2.4 Obligations of the Company. Whenever required under this Section 2 to effect the registration of any Registrable Securities, the Company shall, as expeditiously as reasonably possible:
(a) prepare and file with the SEC a registration statement with respect to such Registrable Securities and use its best efforts to cause such registration statement to become effective and, upon the request of the Holders of a majority of the Registrable Securities registered thereunder, keep such registration statement effective for a period of up to one hundred twenty (120) days or, if earlier, until the distribution contemplated in the registration statement has
been completed; provided, however, that (i) such one hundred twenty (120) day period shall be extended for a period of time equal to the period the Holder refrains, at the request of an underwriter, from selling any securities included in such registration, and (ii) in the case of any registration of Registrable Securities on Form F-3 that are intended to be offered on a continuous or delayed basis, subject to compliance with applicable SEC rules, such one hundred twenty (120) day period shall be extended, if necessary, to keep the registration statement effective until all such Registrable Securities are either sold or may be sold in accordance with Rule 144 (other than control securities);
(b) prepare and file with the SEC such amendments and supplements to such registration statement, and the prospectus used in connection with such registration statement, as may be necessary to comply with the Securities Act in order to enable the disposition of all securities covered by such registration statement;
(c) furnish to the selling Holders such number of copies of a prospectus, including a preliminary prospectus, as required by the Securities Act, and such other documents as the Holders may reasonably request in order to facilitate their disposition of their Registrable Securities;
(d) use its best efforts to register and qualify the securities covered by such registration statement under such other securities and/or blue-sky laws of such jurisdictions as shall be reasonably requested by the selling Holders; provided that the Company shall not be required to qualify to do business or to file a general consent to service of process in any such states or jurisdictions, unless the Company is already subject to service in such jurisdiction and except as may be required by the Securities Act;
(e) in the event of any underwritten public offering, enter into and perform its obligations under an underwriting agreement, in usual and customary form, with the underwriter(s) of such offering;
(f) use its best efforts to cause all such Registrable Securities covered by such registration statement to be listed on a national securities exchange or trading system and each securities exchange and trading system (if any) on which similar securities issued by the Company are then listed;
(g) provide a transfer agent and registrar for all Registrable Securities registered pursuant to this Agreement and provide a CUSIP number for all such Registrable Securities, in each case not later than the effective date of such registration;
(h) furnish, at the request of any Holder requesting registration of Registrable Securities pursuant to Section 2, on the date that such Registrable Securities are delivered to the underwriters for sale in connection with a registration pursuant to Section 2, if such securities are being sold through underwriters, or, if such securities are not being sold through underwriters, on the date that the registration statement with respect to such securities becomes effective, (i) an opinion, dated such date, of the counsel representing the Company for the purposes of such registration, in form and substance as is customarily given to underwriters in an underwritten public offering, addressed to the underwriters, if any, and to the Holders requesting
registration of Registrable Securities, and (ii) a letter dated such date, from the independent certified public accountants of the Company, in form and substance as is customarily given by independent certified public accountants to underwriters in an underwritten public offering, addressed to the underwriters, if any, and to the Holders requesting registration of Registrable Securities;
(i) notify each selling Holder, promptly after the Company receives notice thereof, of the time when such registration statement has been declared effective or a supplement to any prospectus forming a part of such registration statement has been filed, or the happening of any event as a result of which the prospectus included in such registration statement, as then in effect, includes an untrue statement of a material fact or omits to state a material fact required to be stated therein or necessary to make the statements therein not misleading in the light of the circumstances then existing; and
(j) after such registration statement becomes effective, notify each selling Holder of any request by the SEC that the Company amend or supplement such registration statement or prospectus.
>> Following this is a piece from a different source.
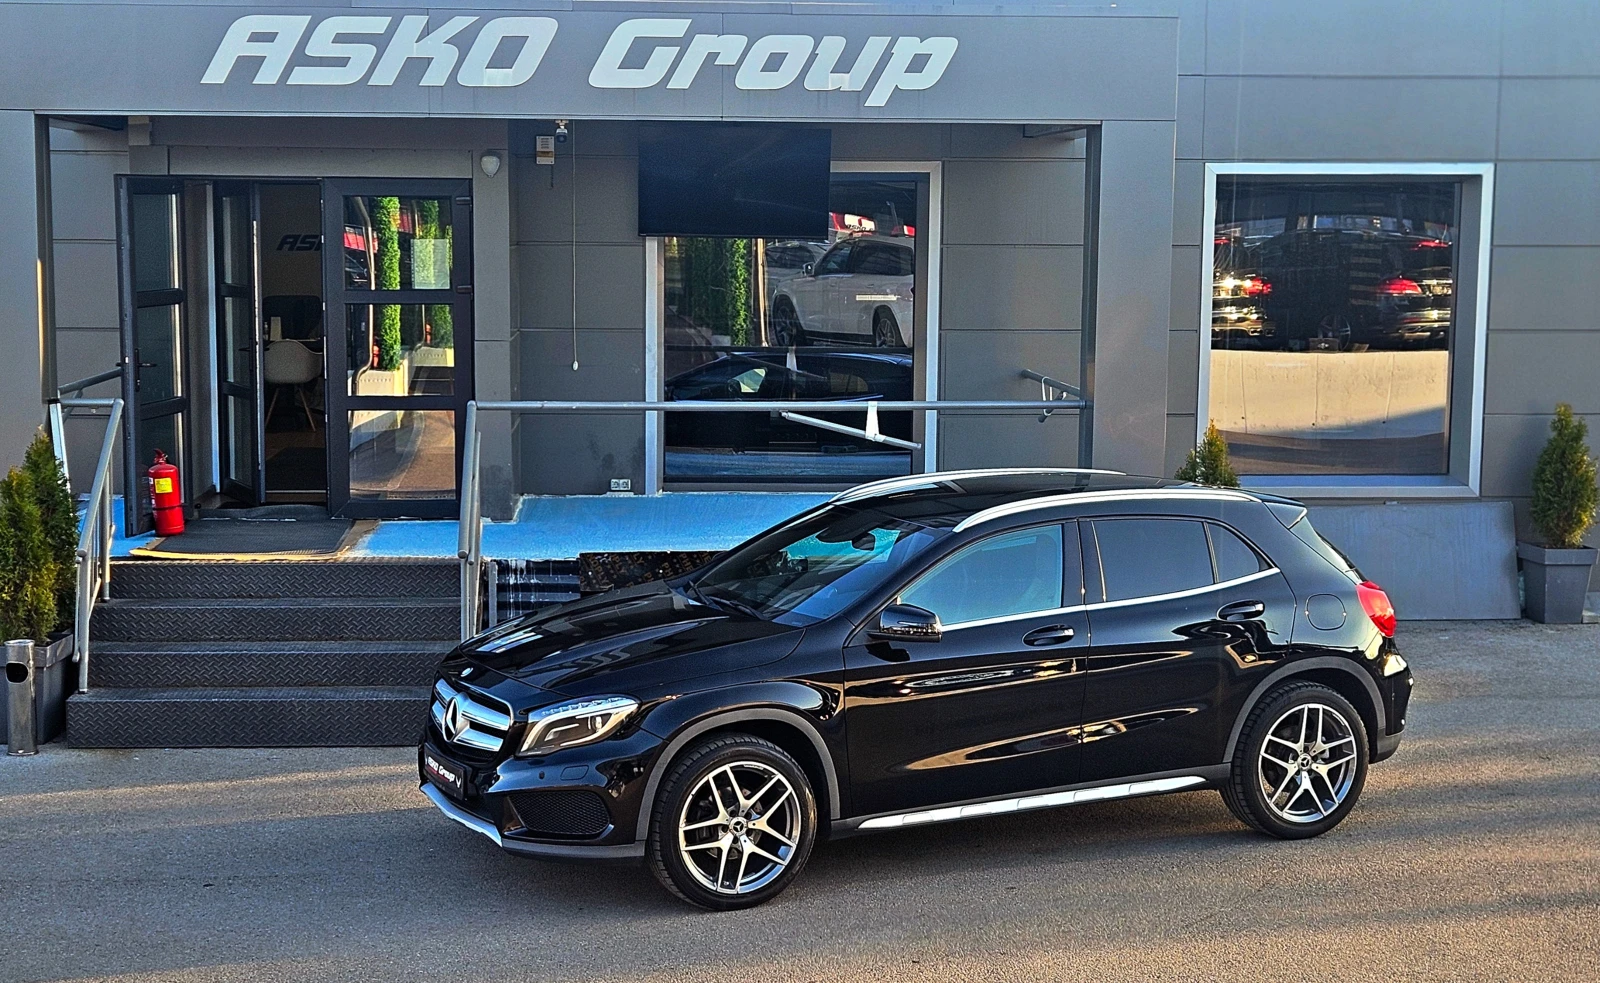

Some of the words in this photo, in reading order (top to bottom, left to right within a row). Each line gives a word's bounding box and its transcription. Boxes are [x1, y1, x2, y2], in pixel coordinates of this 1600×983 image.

2.5 Furnish Information. It shall be a condition precedent to the obligations of the Company to take any action pursuant to this Section 2 with respect to the Registrable Securities of any selling Holder that such Holder shall furnish to the Company such information regarding itself, the Registrable Securities held by it, and the intended method of disposition of such securities as is reasonably required to effect the registration of such Holder’s Registrable Securities.
2.6 Expenses of Registration. All expenses (other than Selling Expenses) incurred in connection with registrations, filings, or qualifications pursuant to Section 2, including all registration, filing, and qualification fees; printers’ and accounting fees; fees and disbursements of counsel for the Company; and the reasonable fees and disbursements of one counsel for the selling Holders (“Selling Holder Counsel”), shall be borne and paid by the Company; provided, however, that the Company shall not be required to pay for any expenses of any registration proceeding begun pursuant to Subsection 2.1 if the registration request is subsequently withdrawn at the request of the Initiating Holders (in which case all selling Holders shall bear such expenses pro rata based upon the number of Registrable Securities that were to be included in the withdrawn registration), unless the Initiating Holders agree to forfeit their right to one registration pursuant to Subsection 2.1(a) or 2.1(b), as the case may be; provided further that if, at the time of such withdrawal, the Holders shall have learned of a material adverse change in the condition, business, or prospects of the Company from that known to the Holders at the time of their request and have withdrawn the request with reasonable promptness after learning of such information, then the Holders shall not be required to pay any of such expenses and shall not forfeit their right to one of their registrations pursuant to Subsection 2.1(a) or 2.1(b). All Selling Expenses relating to Registrable Securities registered pursuant to this Section 2 shall be borne and paid by the Holders pro rata on the basis of the number of Registrable Securities registered on their behalf.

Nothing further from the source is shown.